▼▼▼
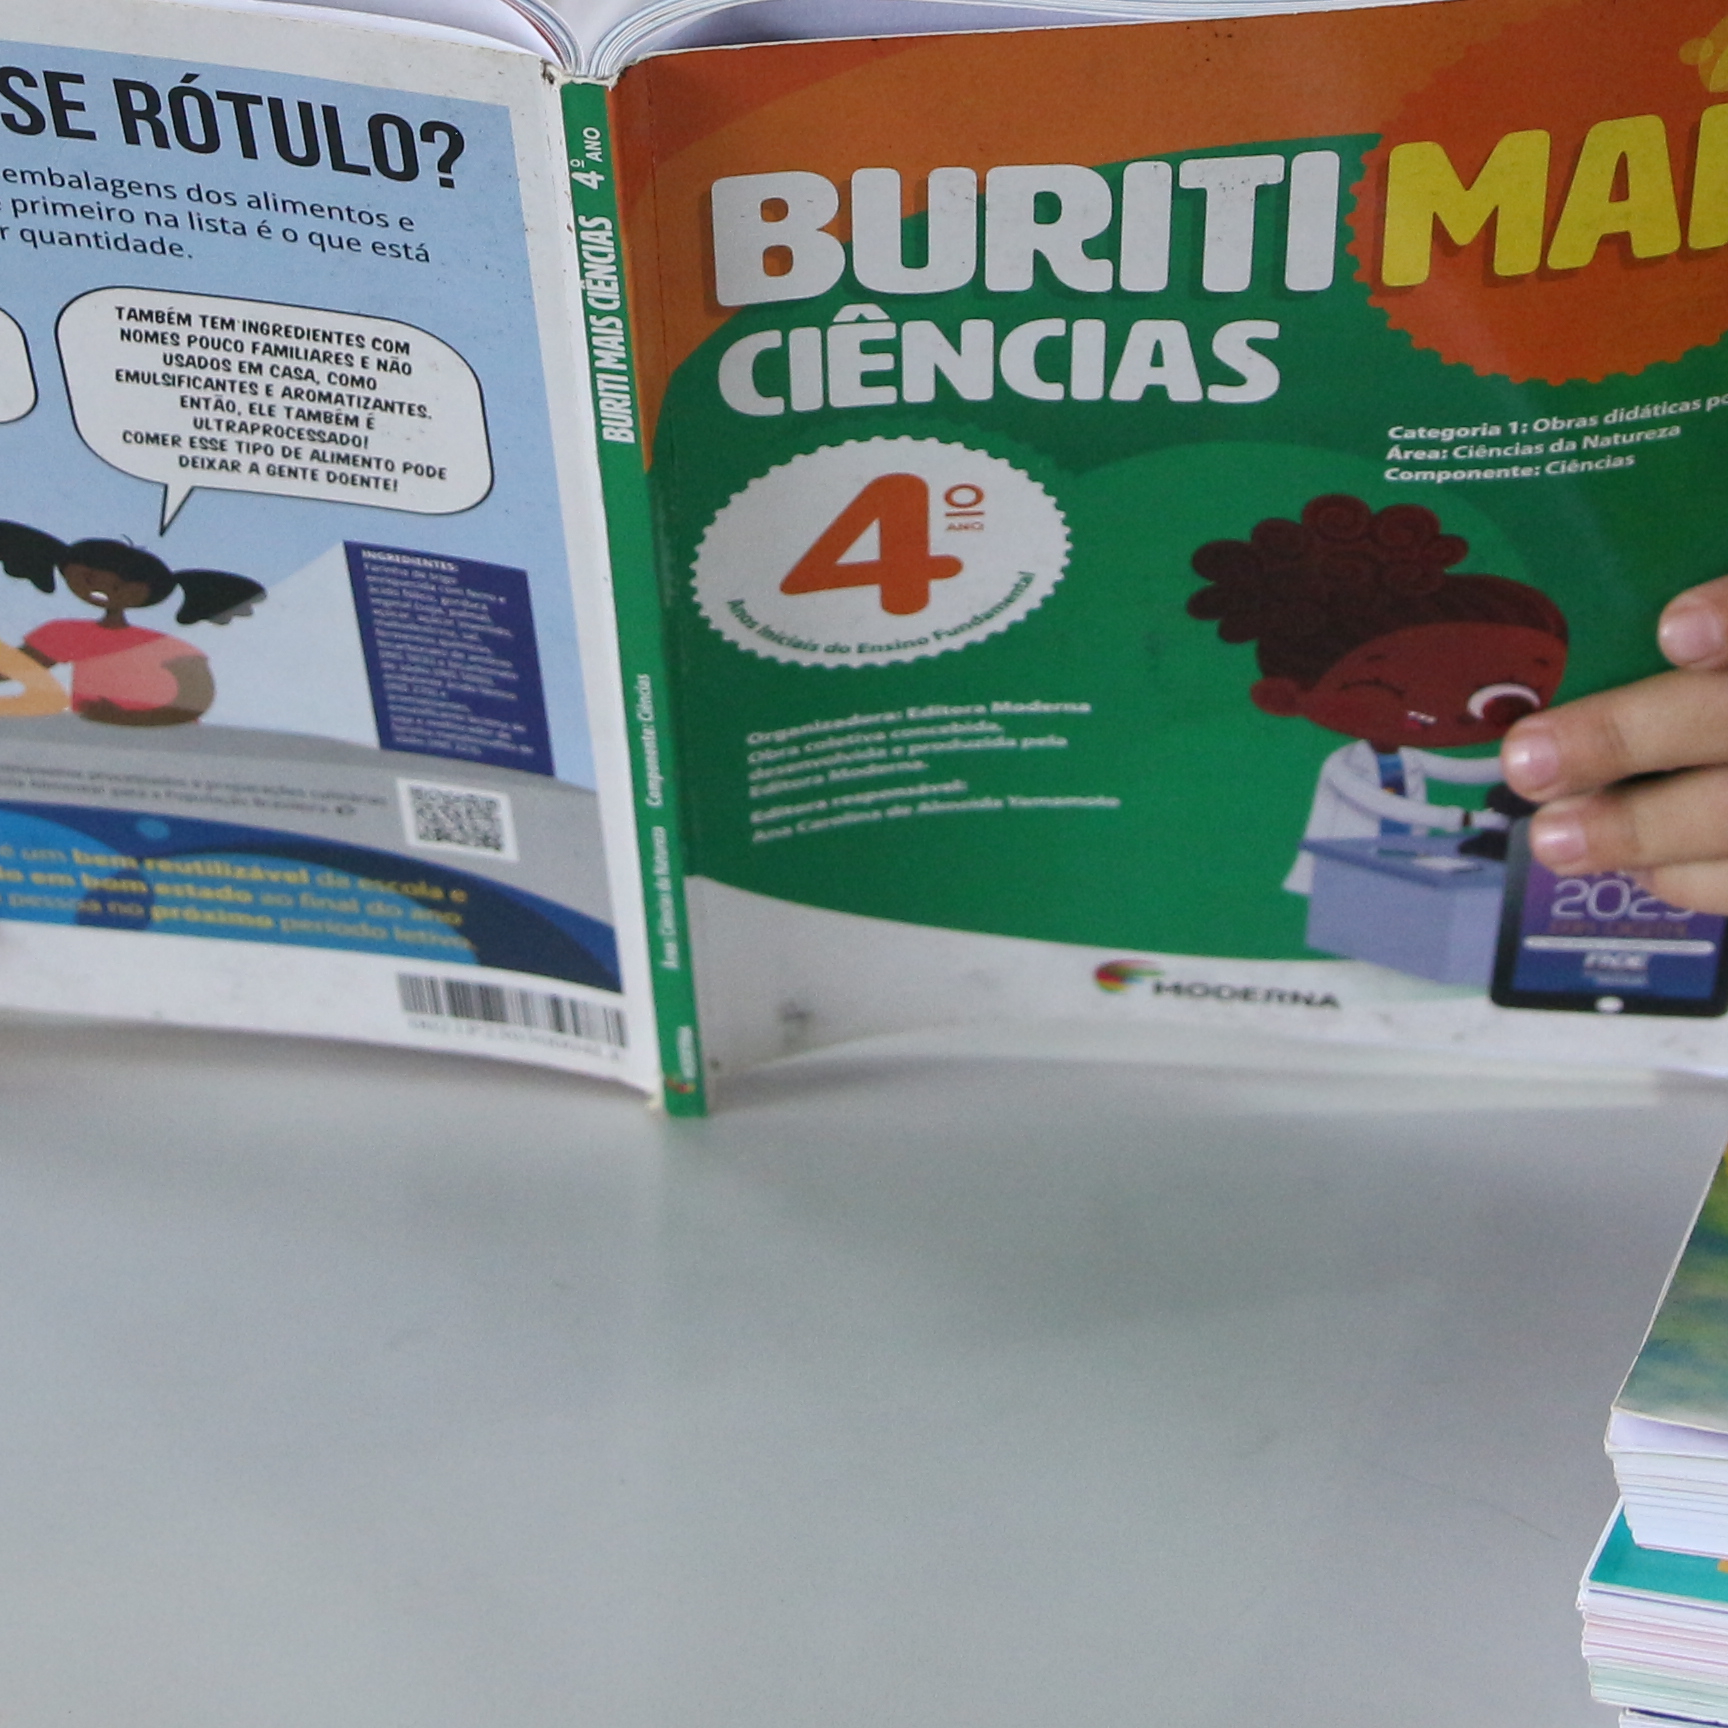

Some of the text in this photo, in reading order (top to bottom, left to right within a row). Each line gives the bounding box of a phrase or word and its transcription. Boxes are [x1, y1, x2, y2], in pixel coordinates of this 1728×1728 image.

[112, 73, 466, 190] RÓTULO?
[582, 126, 605, 164] ANO
[1, 165, 178, 201] embalagens
[185, 182, 238, 207] dos
[246, 190, 390, 229] alimentos
[398, 216, 415, 233] e
[10, 195, 136, 224] primeiro
[143, 210, 180, 230] na
[187, 210, 248, 237] lista
[256, 219, 273, 240] é
[281, 227, 299, 244] o
[307, 231, 362, 254] que
[370, 240, 431, 264] está
[19, 227, 193, 259] quantidade.
[711, 150, 1341, 308] BURITI
[577, 215, 622, 312] CIÊNCIAS
[114, 305, 411, 357] TAMBÉM TEM INGREDIENTES COM
[119, 327, 413, 377] NOMES POUCO FAMILIARES E NÃO
[589, 316, 628, 371] MAIS
[162, 352, 378, 391] USADOS EM CASA, COMO
[717, 304, 1280, 418] CIÊNCIAS
[114, 368, 432, 420] EMULSIFICANTES E AROMATIZANTES.
[179, 394, 375, 431] ENTÃO, ELE TAMBÉM É
[597, 373, 635, 444] BURITI
[192, 416, 369, 450] ULTRAPROCESSADO!
[1385, 423, 1682, 461] Área: Ciências da Natureza
[1388, 423, 1501, 442] Categoria
[1508, 420, 1528, 435] 1:
[1533, 413, 1598, 433] Obras
[1603, 399, 1702, 426] didáticas
[122, 429, 447, 481] COMER ESSE TIPO DE ALIMENTO PODE
[178, 454, 398, 493] DEIXAR A GENTE DOENTE!
[1384, 452, 1636, 484] Componente: Ciências
[824, 642, 852, 655] do
[856, 635, 929, 655] Ensino
[932, 571, 1037, 642] Fundamental
[1551, 878, 1696, 920] 202
[1152, 978, 1341, 1011] MODERNA
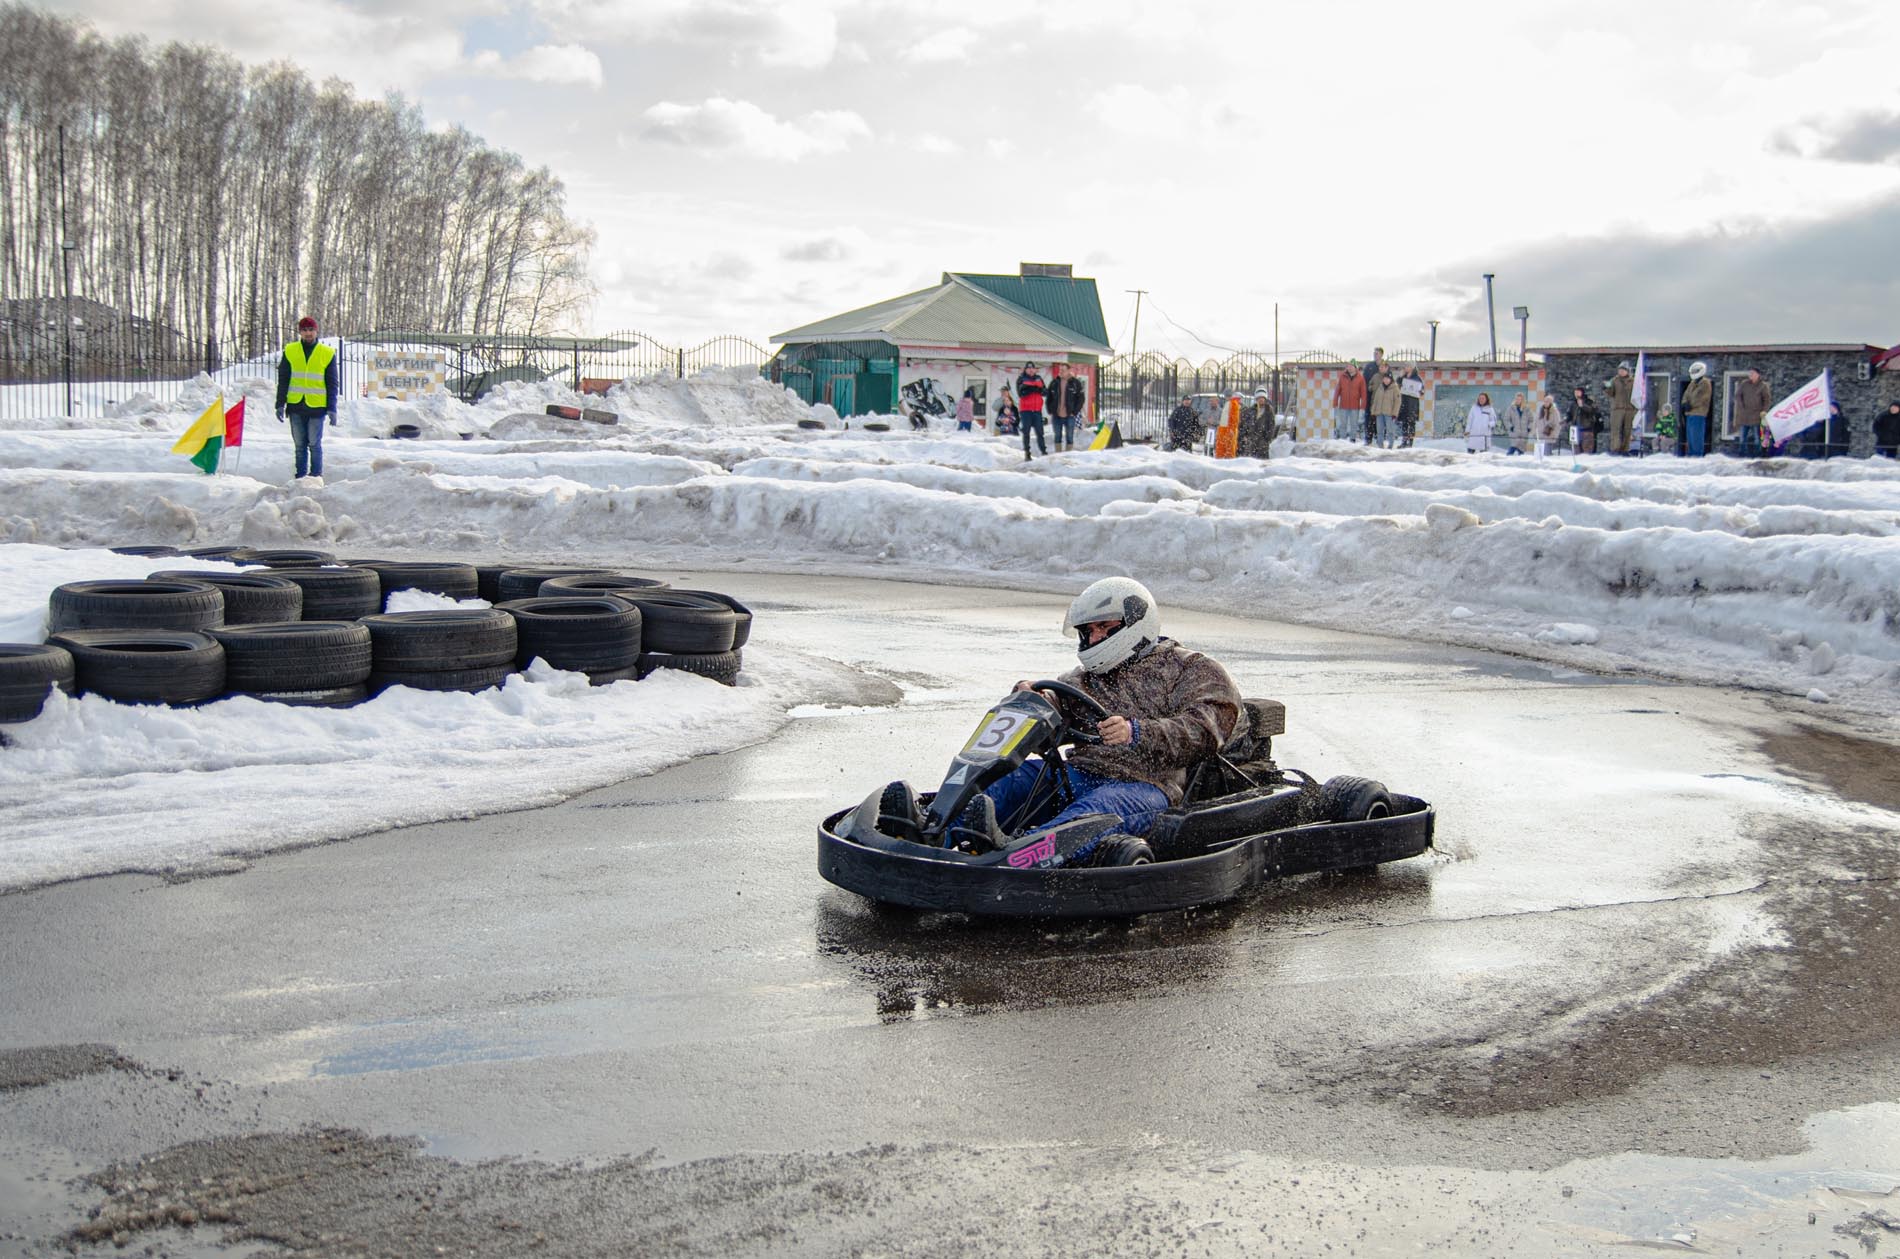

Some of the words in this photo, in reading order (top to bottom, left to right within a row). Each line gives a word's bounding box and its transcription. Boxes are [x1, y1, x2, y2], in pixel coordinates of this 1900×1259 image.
▲▲▲
Problem -> This exercise needs every entry retyped exactly, with the pictures removed.

Task result ->
Some of the text in this photo, in reading order (top to bottom, left to right within a row). Each line gives the bounding box of a phrase or word and its transcription. Boxes are [x1, y1, x2, y2], in pixel coordinates of this 1728×1728 image.

[112, 73, 466, 190] RÓTULO?
[582, 126, 605, 164] ANO
[1, 165, 178, 201] embalagens
[185, 182, 238, 207] dos
[246, 190, 390, 229] alimentos
[398, 216, 415, 233] e
[10, 195, 136, 224] primeiro
[143, 210, 180, 230] na
[187, 210, 248, 237] lista
[256, 219, 273, 240] é
[281, 227, 299, 244] o
[307, 231, 362, 254] que
[370, 240, 431, 264] está
[19, 227, 193, 259] quantidade.
[711, 150, 1341, 308] BURITI
[577, 215, 622, 312] CIÊNCIAS
[114, 305, 411, 357] TAMBÉM TEM INGREDIENTES COM
[119, 327, 413, 377] NOMES POUCO FAMILIARES E NÃO
[589, 316, 628, 371] MAIS
[162, 352, 378, 391] USADOS EM CASA, COMO
[717, 304, 1280, 418] CIÊNCIAS
[114, 368, 432, 420] EMULSIFICANTES E AROMATIZANTES.
[179, 394, 375, 431] ENTÃO, ELE TAMBÉM É
[597, 373, 635, 444] BURITI
[192, 416, 369, 450] ULTRAPROCESSADO!
[1385, 423, 1682, 461] Área: Ciências da Natureza
[1388, 423, 1501, 442] Categoria
[1508, 420, 1528, 435] 1:
[1533, 413, 1598, 433] Obras
[1603, 399, 1702, 426] didáticas
[122, 429, 447, 481] COMER ESSE TIPO DE ALIMENTO PODE
[178, 454, 398, 493] DEIXAR A GENTE DOENTE!
[1384, 452, 1636, 484] Componente: Ciências
[824, 642, 852, 655] do
[856, 635, 929, 655] Ensino
[932, 571, 1037, 642] Fundamental
[1551, 878, 1696, 920] 202
[1152, 978, 1341, 1011] MODERNA

Some of the words in this photo, in reading order (top to bottom, left to right within a row). Each line gives a word's bounding box and its transcription. Boxes are [x1, y1, x2, y2], in pixel coordinates of this 1900×1259 image.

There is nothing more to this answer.